Born in Bakersfield in 1936, Shirley Pettibone is one of the few Natives Californian artists to have worked within the sphere of the Los Angeles avant garde in the 60’s. She studies at the Otis Art Institute where she works on ambitious assemblage pieces. It is there that she meets and marries artist Richard Pettibone.
Abandoning the traditional rectilinear canvas support, Pettibone finds a like sensibility in the company of assemblage artists such as Wallace Berman and George Herms. She presents works in a solo exhibition at Aura Gallery in 1963 that includes a series of drawings that showcase the artist’s unabashedly feminist sensibility.
In the mid 60’s, she initiates a series of works using the silkscreen printing technique. Shirley chose to explore themes that would become a staple of her later photorealist works.

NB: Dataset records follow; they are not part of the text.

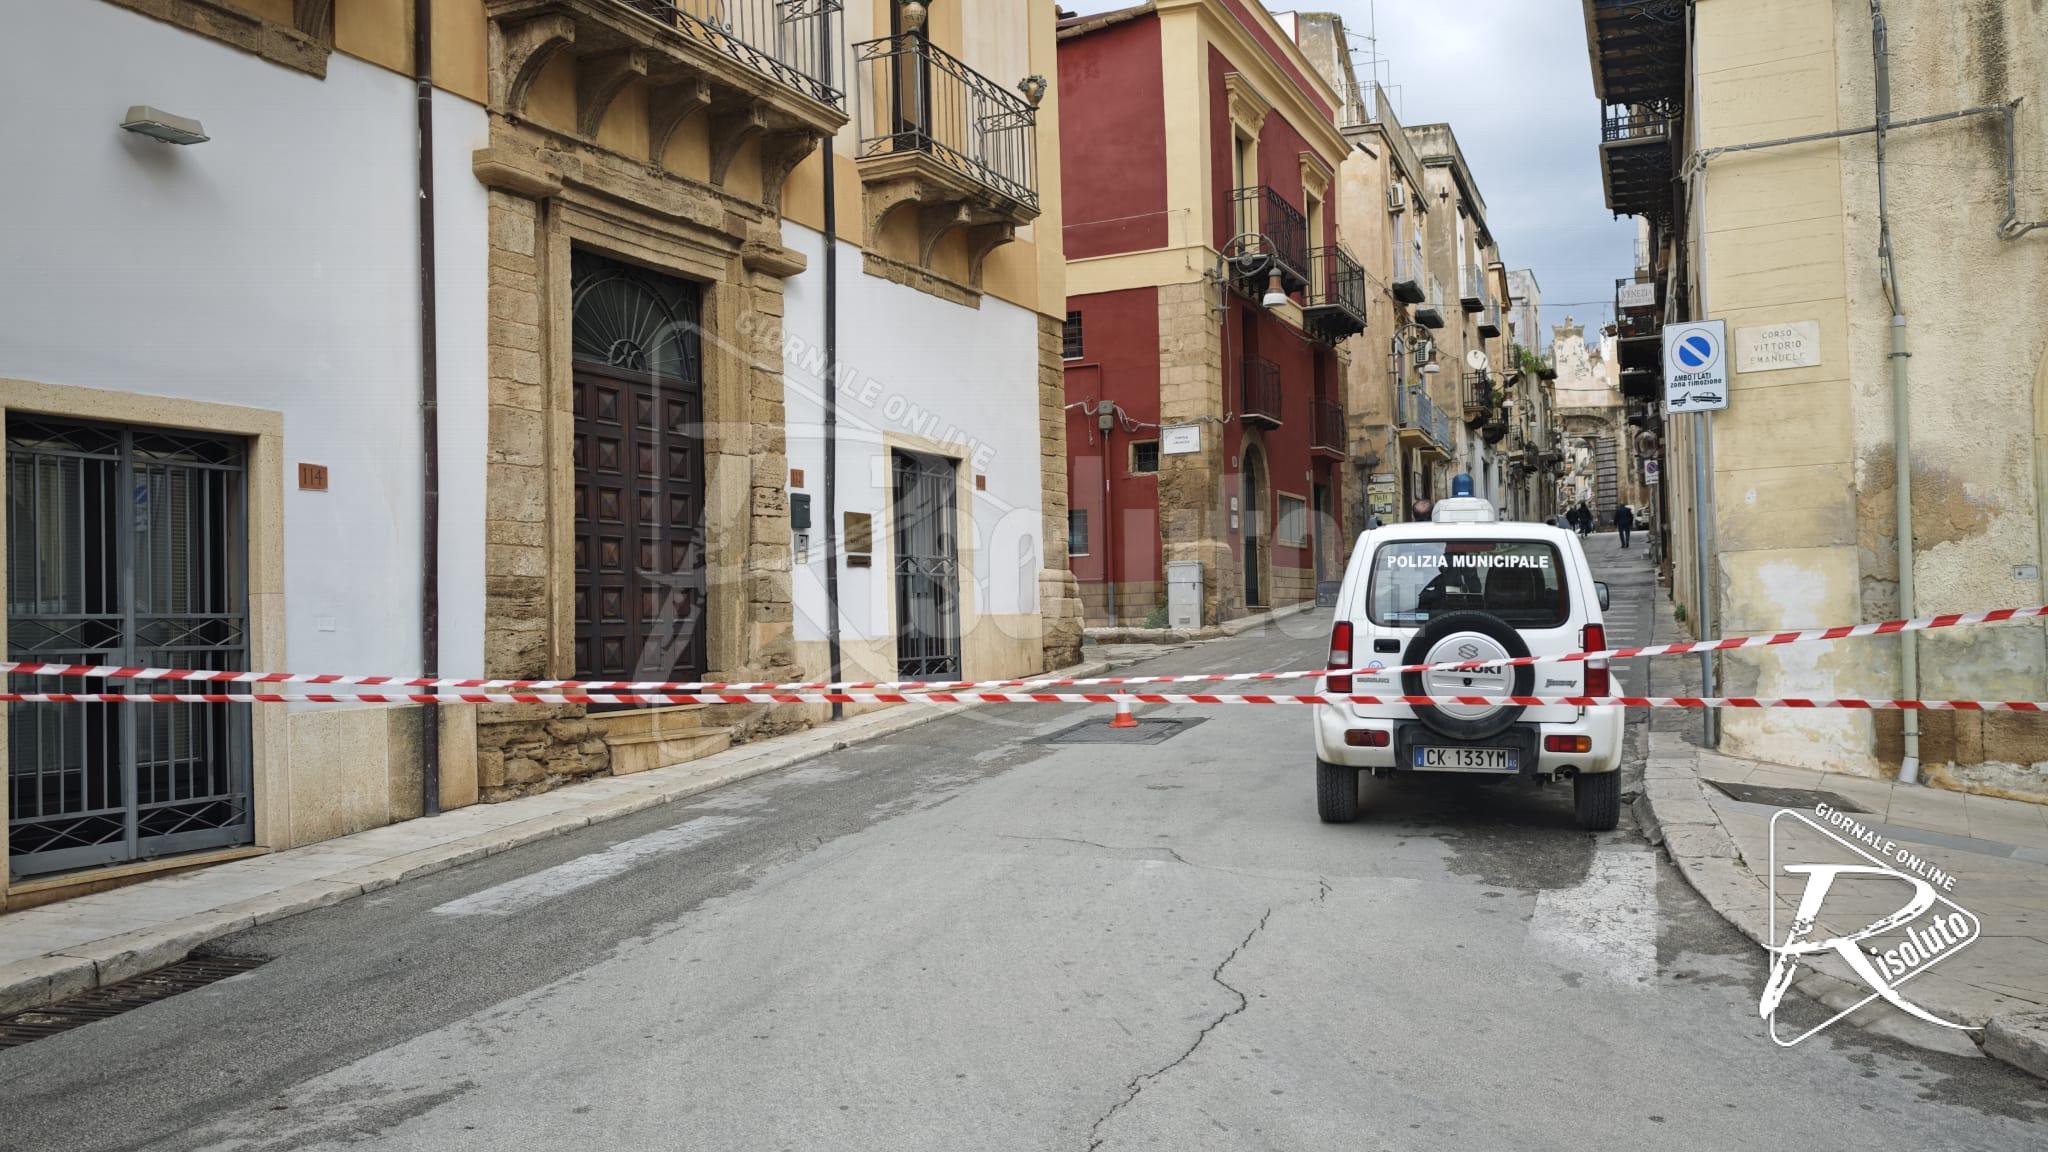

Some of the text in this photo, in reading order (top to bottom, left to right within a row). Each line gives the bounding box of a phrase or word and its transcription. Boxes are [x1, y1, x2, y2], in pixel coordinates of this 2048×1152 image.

[1762, 329, 1792, 339] CORSO
[1753, 340, 1802, 351] VITTORIO
[1674, 374, 1692, 382] AMBO
[1697, 372, 1712, 380] LATI
[1688, 378, 1722, 387] rimozione
[303, 467, 325, 486] 114
[1387, 555, 1549, 568] POLIZIA MUNICIPALE
[1427, 749, 1446, 766] CK
[1455, 750, 1506, 768] 133YM

The resulting paintings are presented in a group exhibition titled “Four” at the California State College, Fine Arts Gallery in 1966. In the catalogue page reserved to her work Pettibone writes as an artist statement: “Water water. Water water water water. Water water water water water water. Clouds clouds clouds clouds clouds clouds. Clouds clouds clouds clouds clouds clouds. Clouds clouds. Clouds clouds.”

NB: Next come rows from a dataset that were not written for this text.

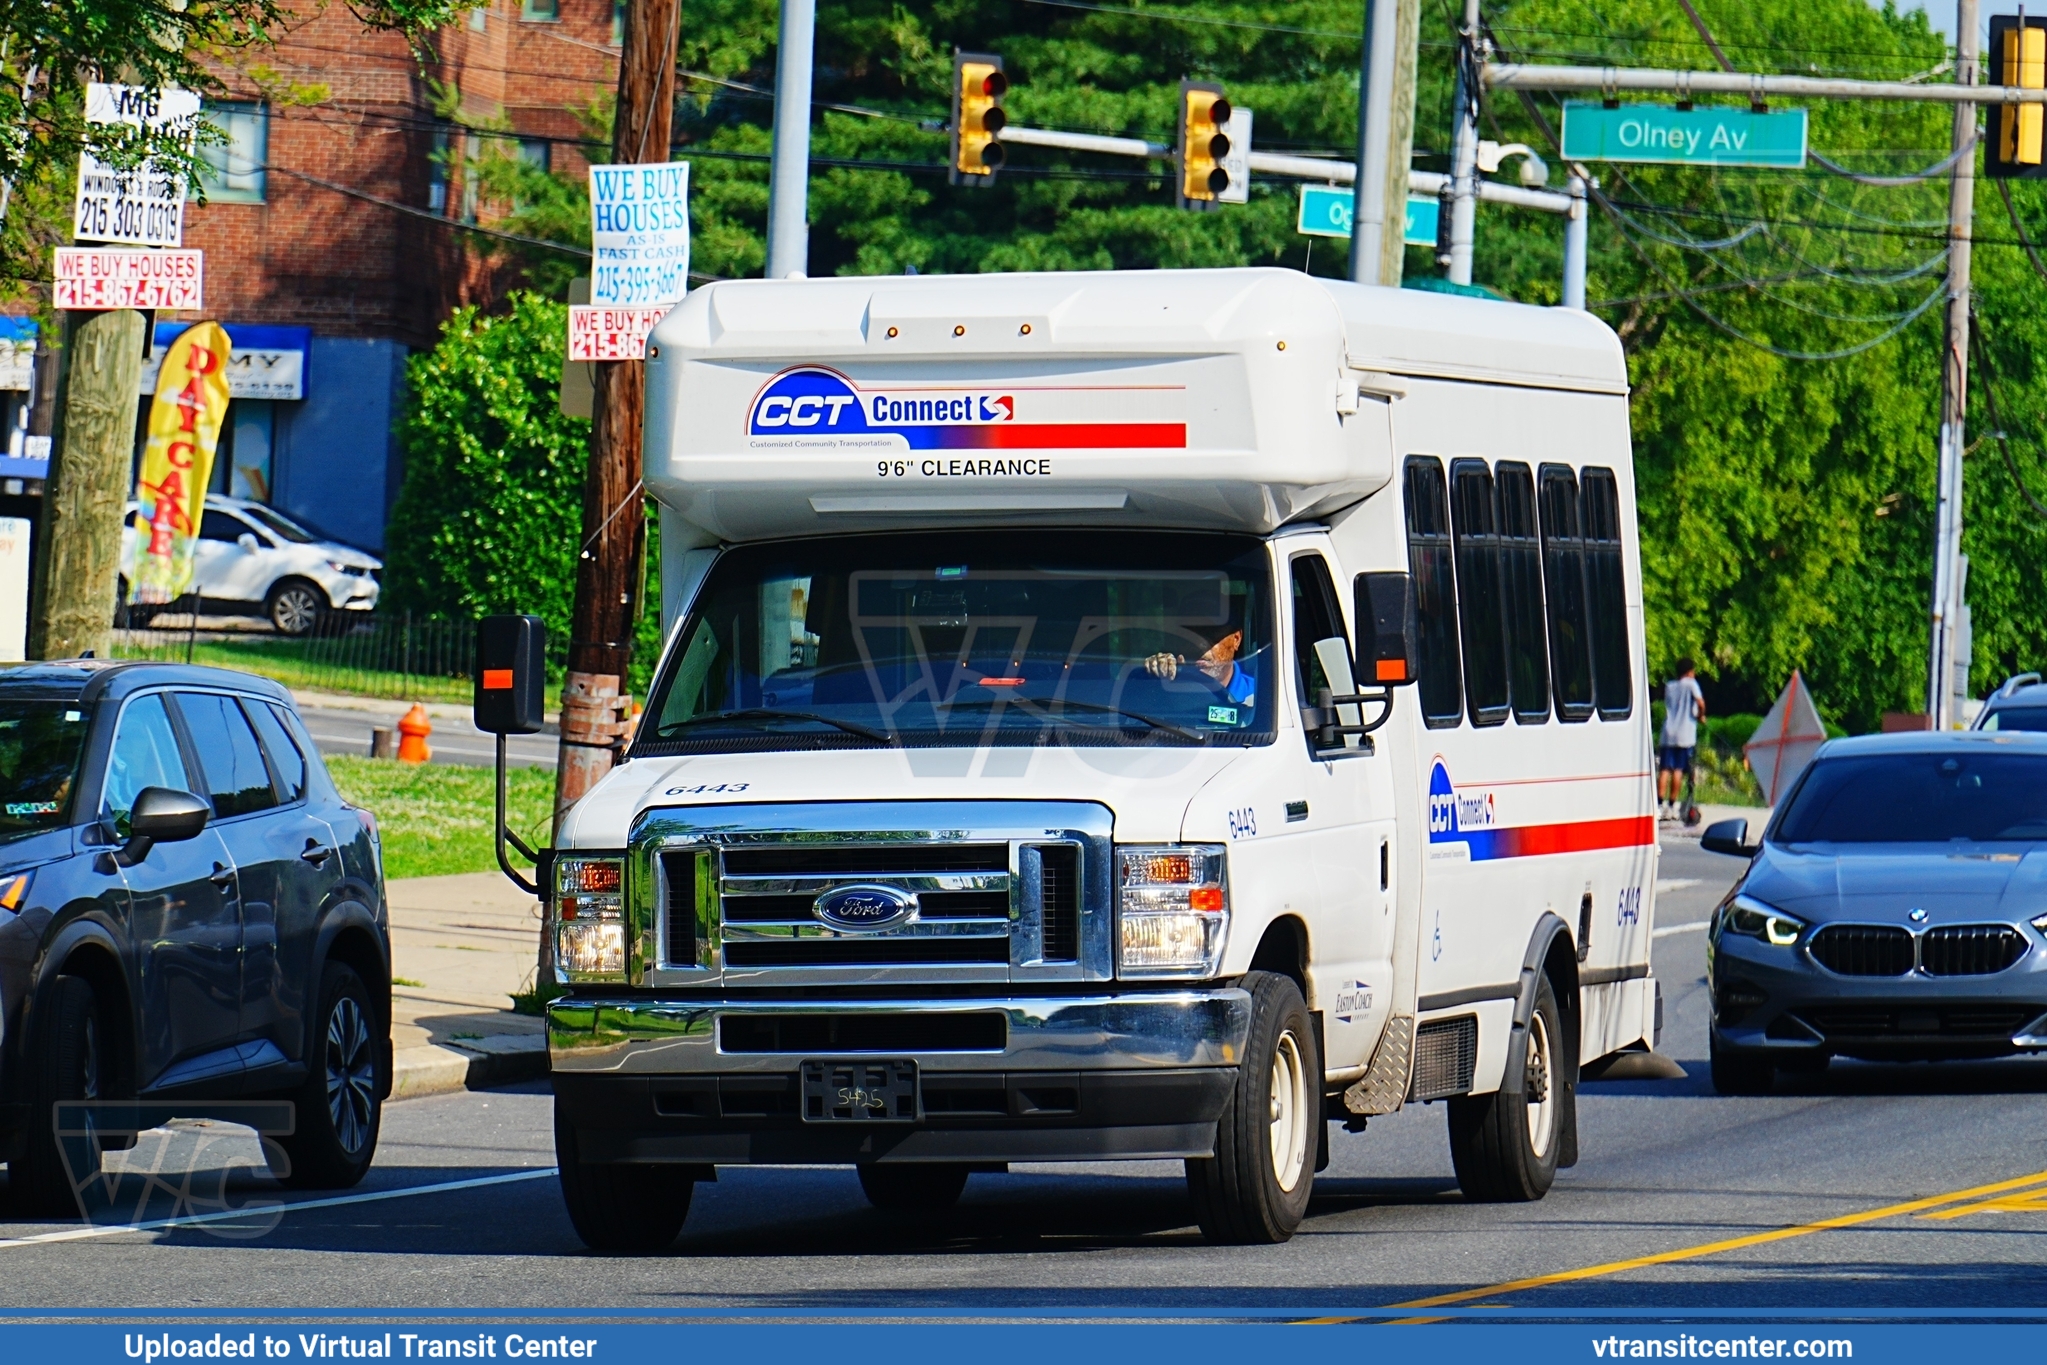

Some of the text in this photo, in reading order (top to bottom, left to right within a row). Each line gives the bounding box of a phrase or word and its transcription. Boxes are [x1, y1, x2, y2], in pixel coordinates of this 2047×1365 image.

[1619, 119, 1747, 156] Olney Av
[83, 175, 134, 196] WINDOS
[594, 167, 684, 202] WE BUY
[80, 197, 178, 242] 215 303 0319
[595, 200, 684, 233] HOUSES
[599, 245, 685, 260] FAST CASH
[61, 255, 195, 278] WE BUY HOUSES
[59, 280, 197, 307] 215-867-6762
[597, 260, 683, 303] 215-395-3667
[575, 312, 602, 332] WE
[605, 311, 636, 332] BUY
[756, 395, 972, 427] CCT Connect
[750, 440, 892, 448] Customized Community Transportation
[877, 459, 1051, 477] 9'6" CLEARANCE
[665, 783, 750, 796] 6443
[1228, 807, 1257, 839] 6443
[1429, 793, 1484, 833] CCT Connect
[840, 896, 884, 915] Ford
[1617, 886, 1641, 927] 6443
[838, 1086, 884, 1108] 5425

Clouds and Mountains silkscreen paintings from 1965-68
In an artist statement written in the latter part of her career, Pettibone reflected on these early works and saw them in a continuum of her later research. She wrote:
“I began creating original work around 1961. At the time I felt it was impossible to do flat paintings anymore, that real objects reflected substance, but I was adding magic by painting them with additional imagery. An early series of collaged drawings with paint included parts of photographs of nude women. I regard these as a poetic, enigmatic celebration of Woman as a personal statement. At this time, I also began exploring the possibilities of using polyester resin as a stiffening agent for cloth in my three-dimensional paintings to convey strength. I did a series of rumpled images with ambiguous content including flower and body parts. These pieces were both a celebration of the feminine and a protest against the conformity of the constrictive 1950’s.”